On April 22, nearly 100 users of the High-Performance Computing Center Stuttgart's (HLRS's) computing systems participated in an online meeting organized to enhance communication with HLRS staff. Presentations addressed complications resulting from the ongoing COVID-19 pandemic, provided information about recent and upcoming technical developments, and gave users a chance to ask questions regarding HLRS's systems.
Following welcoming remarks by HLRS Director Michael Resch, system operations leader Thomas Beisel reported on the center's transition from its Hazel Hen to Hawk supercomputers. He explained the impact of pandemic-related difficulties during Hawk's installation, addressed technical questions that users have raised about the new system, and described upcoming changes that should improve the system's operations and the center's ability to serve its users.
Among the issues Beisel focused on were changes in the systems' technical architecture, the upcoming implementation of "fair share" scheduling procedures, new data storage policies, measures implemented to enhance security, and efforts to optimize power consumption. He also offered a preview of upcoming system maintenance.
Because the COVID-19 pandemic caused delays in the operation of the complete Hawk system, Prof. Resch reported that grants of computing time made to users by the Gauss Centre for Supercomputing will be extended by six months. (PRACE users must inquire regarding policies related to their grants.) He emphasized that annual reports should nevertheless be submitted on time according to the normal deadline, and advised users to report any effects of the delay in Hawk's operation on their research.
Dr. Thomas Bönisch followed by encouraging users to pay closer attention to the optimization of their codes for HLRS's high-performance computing systems, emphasizing the many benefits for both the center's operations and its system users' research.
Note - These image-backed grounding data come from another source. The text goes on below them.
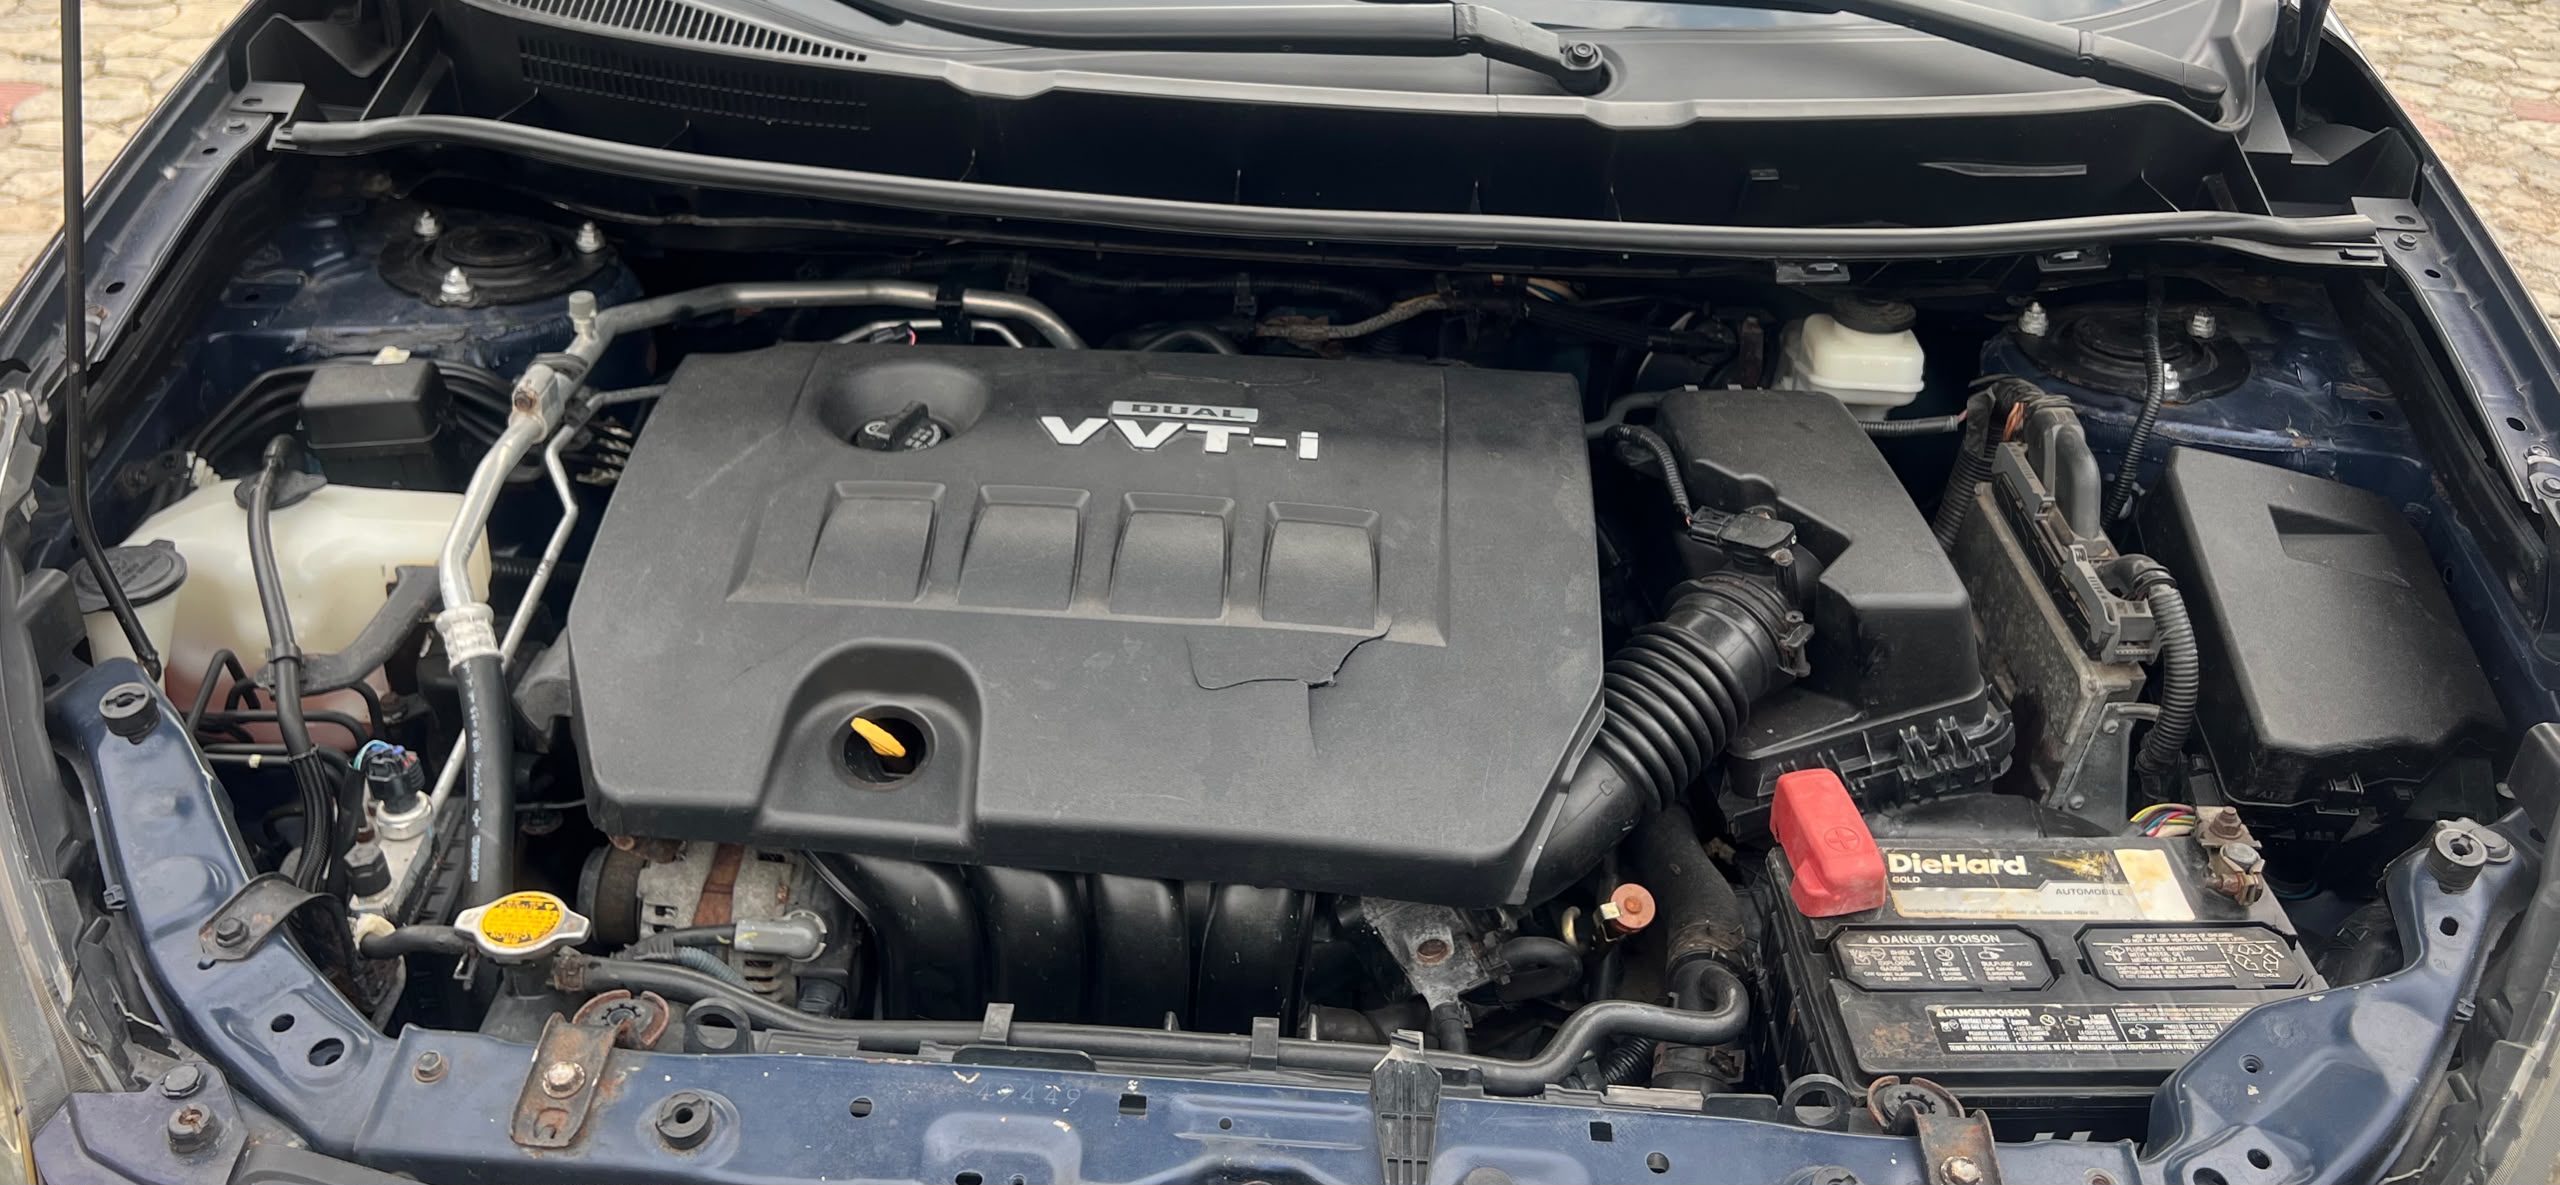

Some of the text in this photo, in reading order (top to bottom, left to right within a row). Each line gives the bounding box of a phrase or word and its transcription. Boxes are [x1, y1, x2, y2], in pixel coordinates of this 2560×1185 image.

[1131, 403, 1246, 419] DUAL
[1040, 415, 1319, 460] VVT-i
[1887, 852, 2028, 876] DieHard
[1892, 876, 1921, 884] GOLD
[2055, 887, 2124, 896] AUTOMOBILE
[1881, 934, 2000, 944] DANGER / POISON
[1945, 1008, 2032, 1017] DANGER/POISON
When users optimize their codes, he explained, HLRS's available computing time can support more scientific discovery for all, while individual users can get their results more quickly and even gain competitive advantages.
Because of the energy requirements of supercomputing, he added, performance optimization is also important for improving Hawk's environmental sustainability. "If you support the Fridays for Future movement to address climate change," Bönisch said, "optimizing software so that it runs as efficiently as possible is something concrete that scientists can do to help reduce our carbon footprint."
As Bönisch pointed out, getting code to perform better and scale efficiently to larger systems is particularly important because traditional advances in hardware — for example, by increasing clock frequency or adding more transistors to computer chips — are reaching their limits. The integration of accelerators or other technologies such as general purpose graphics processing units (GPGPUs), data flow systems, many-core systems, or vector processors could eventually improve computing speed somewhat, although Bönisch stressed that substantial efficiency gains will also require adapting software to such new processor architectures.
HLRS system users are not alone, however, in their efforts to improve their scientific codes' performance. As Bönisch explained, HLRS now has a large, dedicated team of user support experts with expertise in specific scientific domains and computer science who work closely with users in optimizing parallel performance, I/O performance, node level performance, and other key factors. This support takes place in the context of HLRS's semiannual optimization workshops and on an ongoing basis through interactions between HLRS users and user support staff. Describing several specific code optimization projects that HLRS staff supported, Bönisch remarked that HLRS has helped to optimize approximately 40 user codes in recent years, enabling performance increases of up to 1000%.
In the final section of the meeting, Thomas Beisel and Dennis Hoppe offered a preview of an upcoming expansion of Hawk through the addition of graphics processing units, which will support research involving artificial intelligence and deep learning. Beisel provided a technical overview of the new HPE Apollo 6500 system, explaining that it will be completely integrated with the Hawk system network, including its data storage and data management systems.
Hoppe anticipates that the seamless integration of GPUs into Hawk should offer users opportunities to more easily develop hybrid workflows that combine traditional high-performance computing with machine learning, deep learning, and data analytics. The new system will support commonly used open source frameworks such as Apache Spark, TensorFlow, and PyTorch.
Concluding the meeting, Resch reported on future next-generation developments in HLRS's supercomputing infrastructure that are currently in planning. He also indicated that a follow-up to this user information session will take place during the next Results & Review Workshop, scheduled for October 2021.